• _WORK ORDER_: Your answer should be the records again, unchanged in wording and free of images.
=== DATA FOR THIS EXERCISE ===
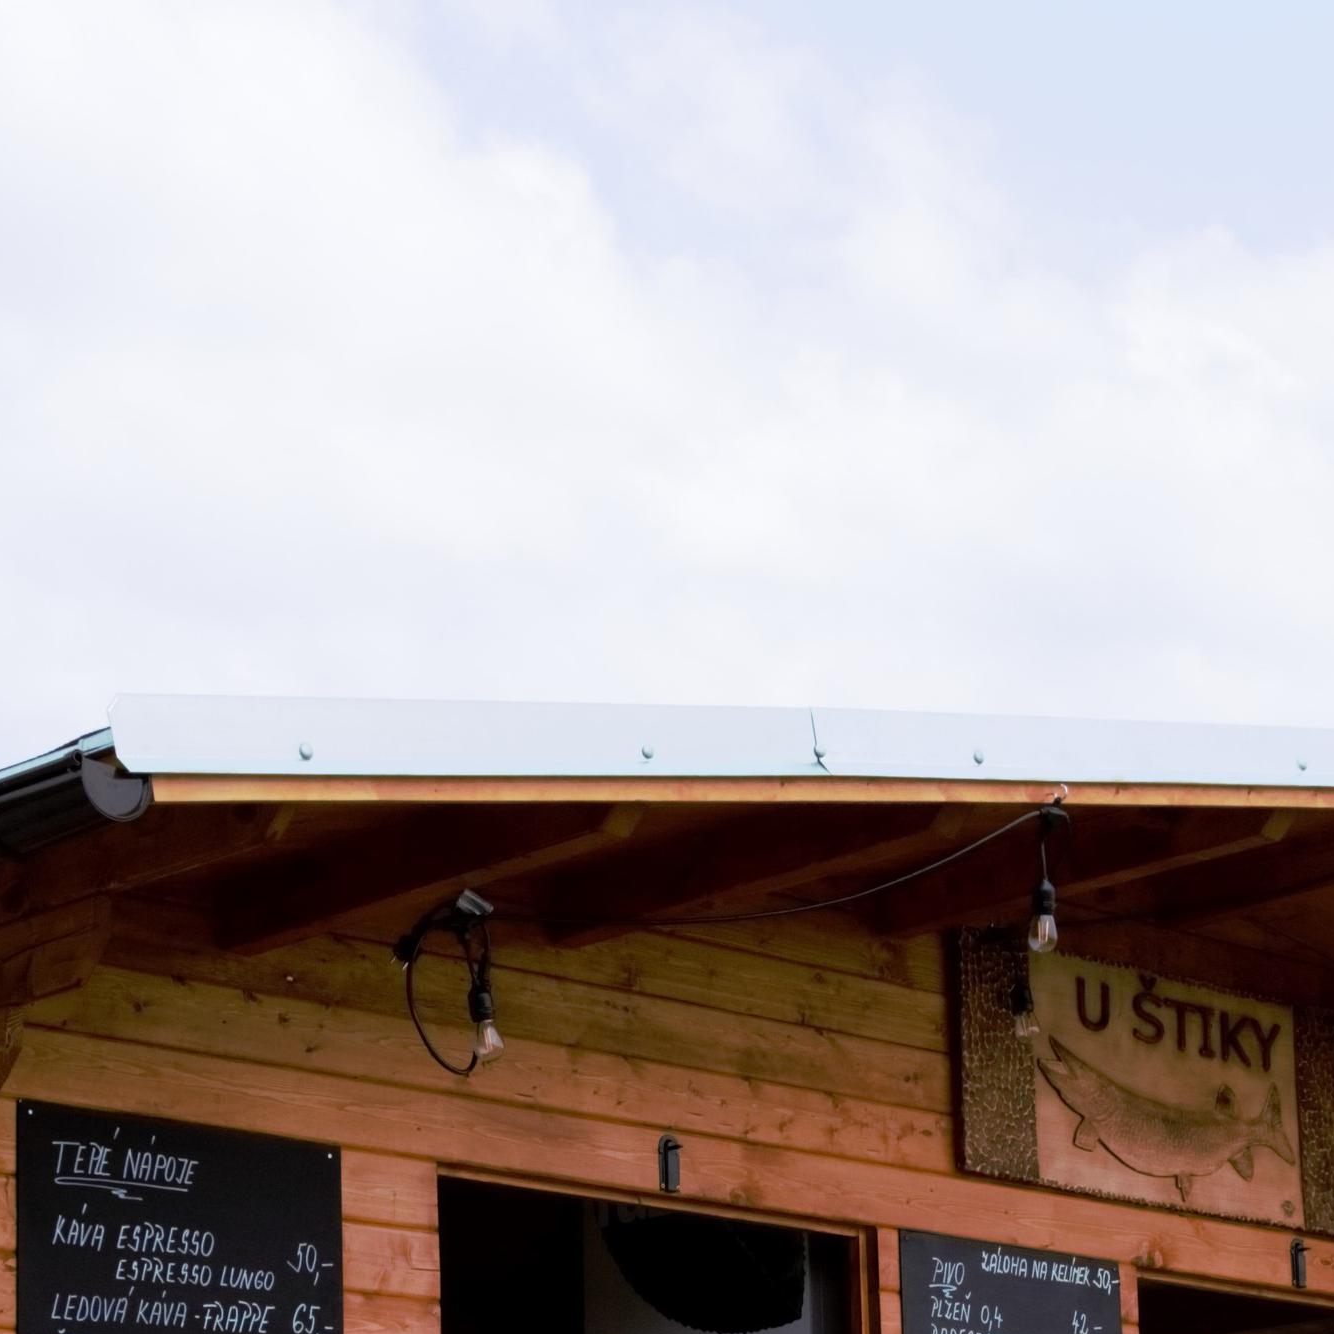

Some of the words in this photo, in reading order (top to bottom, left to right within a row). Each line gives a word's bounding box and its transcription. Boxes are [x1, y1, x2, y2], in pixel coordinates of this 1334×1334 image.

[1076, 976, 1110, 1032] U
[1131, 975, 1281, 1072] ŠTIKY
[52, 1127, 119, 1176] TEPLÉ
[122, 1135, 198, 1185] NÁPOJE
[52, 1203, 105, 1252] KÁVA
[117, 1222, 215, 1256] ESPRESSO
[116, 1257, 211, 1287] ESPRESSO
[220, 1266, 274, 1291] LUNGO
[932, 1257, 965, 1285] PIVO
[982, 1247, 1027, 1278] ZÁLOHA
[1032, 1260, 1047, 1280] NA
[1051, 1257, 1091, 1287] KELÍMEK
[51, 1287, 134, 1323] LEDOVÁ
[137, 1290, 187, 1328] KÁVA
[931, 1292, 971, 1323] PLZEŇ
[981, 1305, 1003, 1331] 0,4
===
• _TASK ANSWER_:
Some of the words in this photo, in reading order (top to bottom, left to right within a row). Each line gives a word's bounding box and its transcription. Boxes are [x1, y1, x2, y2], in pixel coordinates of this 1334×1334 image.

[1076, 976, 1110, 1032] U
[1131, 975, 1281, 1072] ŠTIKY
[52, 1127, 119, 1176] TEPLÉ
[122, 1135, 198, 1185] NÁPOJE
[52, 1203, 105, 1252] KÁVA
[117, 1222, 215, 1256] ESPRESSO
[116, 1257, 211, 1287] ESPRESSO
[220, 1266, 274, 1291] LUNGO
[932, 1257, 965, 1285] PIVO
[982, 1247, 1027, 1278] ZÁLOHA
[1032, 1260, 1047, 1280] NA
[1051, 1257, 1091, 1287] KELÍMEK
[51, 1287, 134, 1323] LEDOVÁ
[137, 1290, 187, 1328] KÁVA
[931, 1292, 971, 1323] PLZEŇ
[981, 1305, 1003, 1331] 0,4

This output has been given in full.